◆ **Required work**: Leave out the pictures and copy the remaining records exactly.

[Referring expression grounding data]
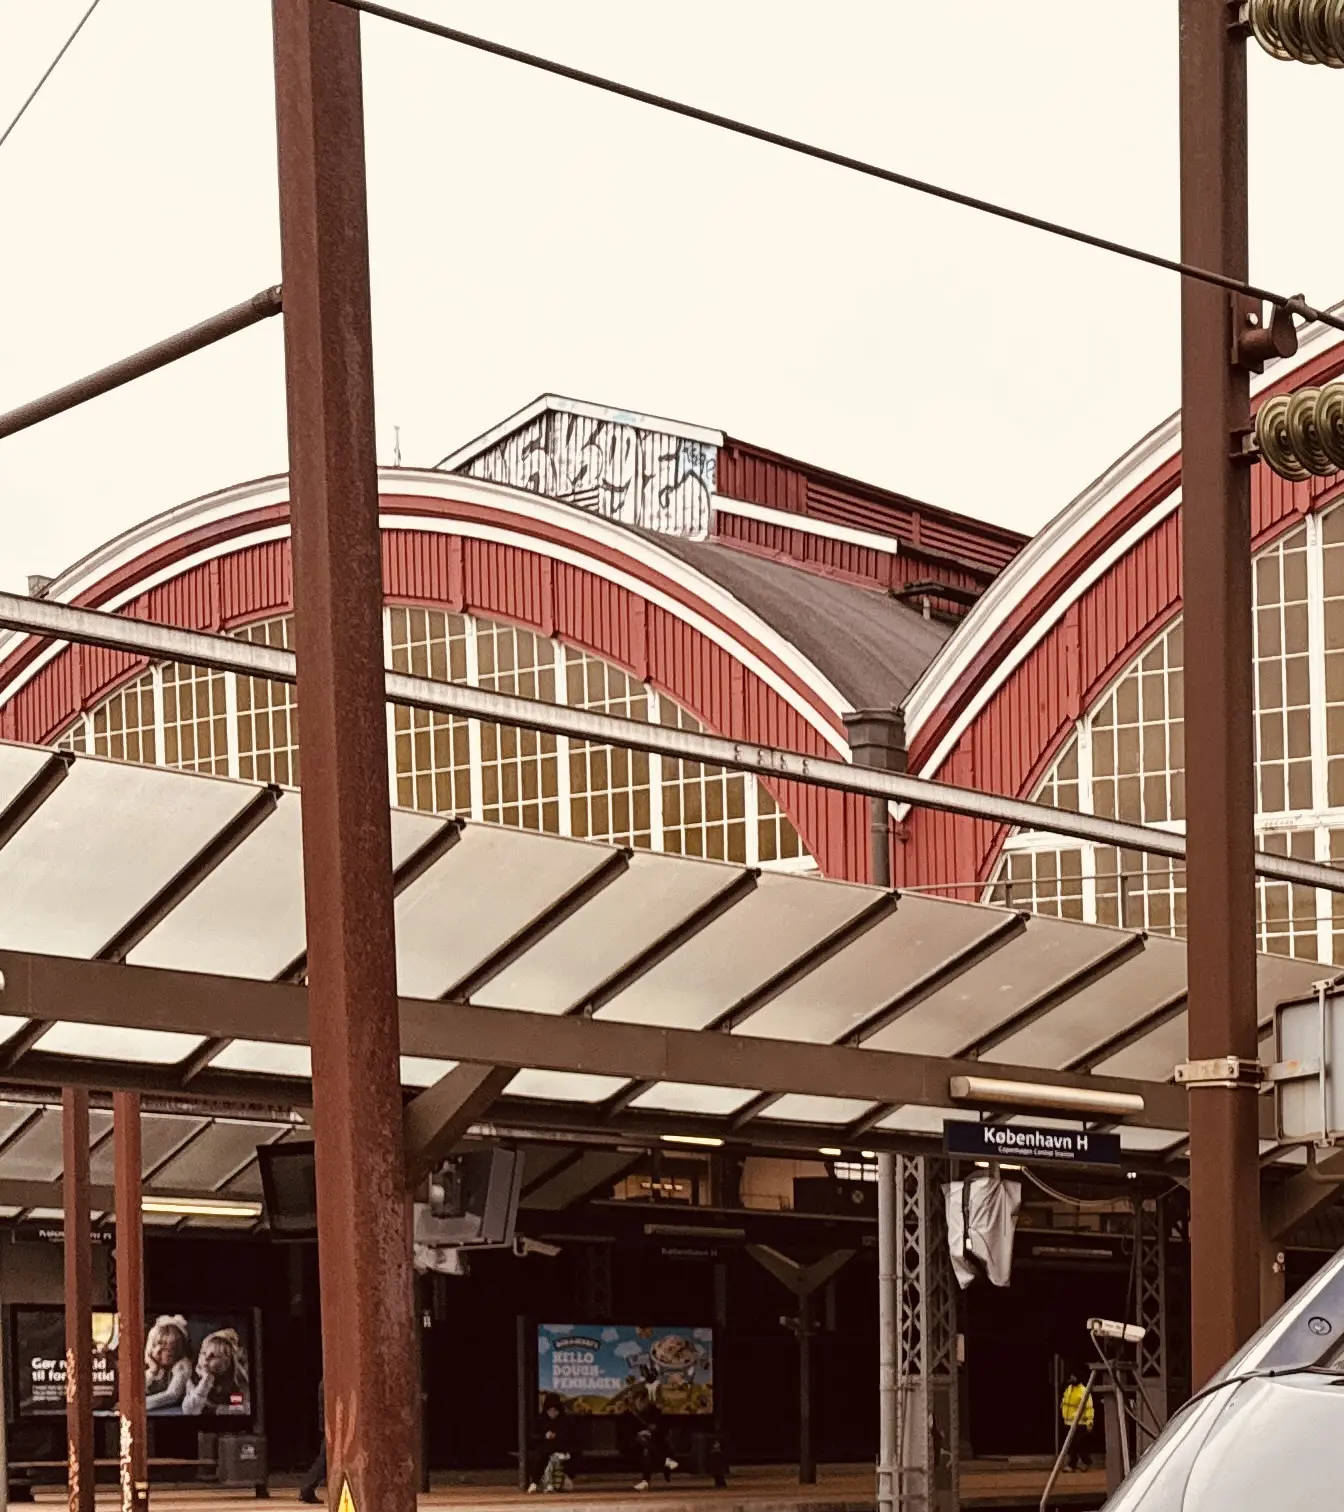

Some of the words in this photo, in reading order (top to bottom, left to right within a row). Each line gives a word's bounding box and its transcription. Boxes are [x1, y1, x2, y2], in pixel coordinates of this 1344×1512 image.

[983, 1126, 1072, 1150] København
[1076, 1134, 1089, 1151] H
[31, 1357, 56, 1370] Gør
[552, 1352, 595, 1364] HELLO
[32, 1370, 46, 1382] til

◆ **Task answer**:
Some of the words in this photo, in reading order (top to bottom, left to right within a row). Each line gives a word's bounding box and its transcription. Boxes are [x1, y1, x2, y2], in pixel coordinates of this 1344×1512 image.

[983, 1126, 1072, 1150] København
[1076, 1134, 1089, 1151] H
[31, 1357, 56, 1370] Gør
[552, 1352, 595, 1364] HELLO
[32, 1370, 46, 1382] til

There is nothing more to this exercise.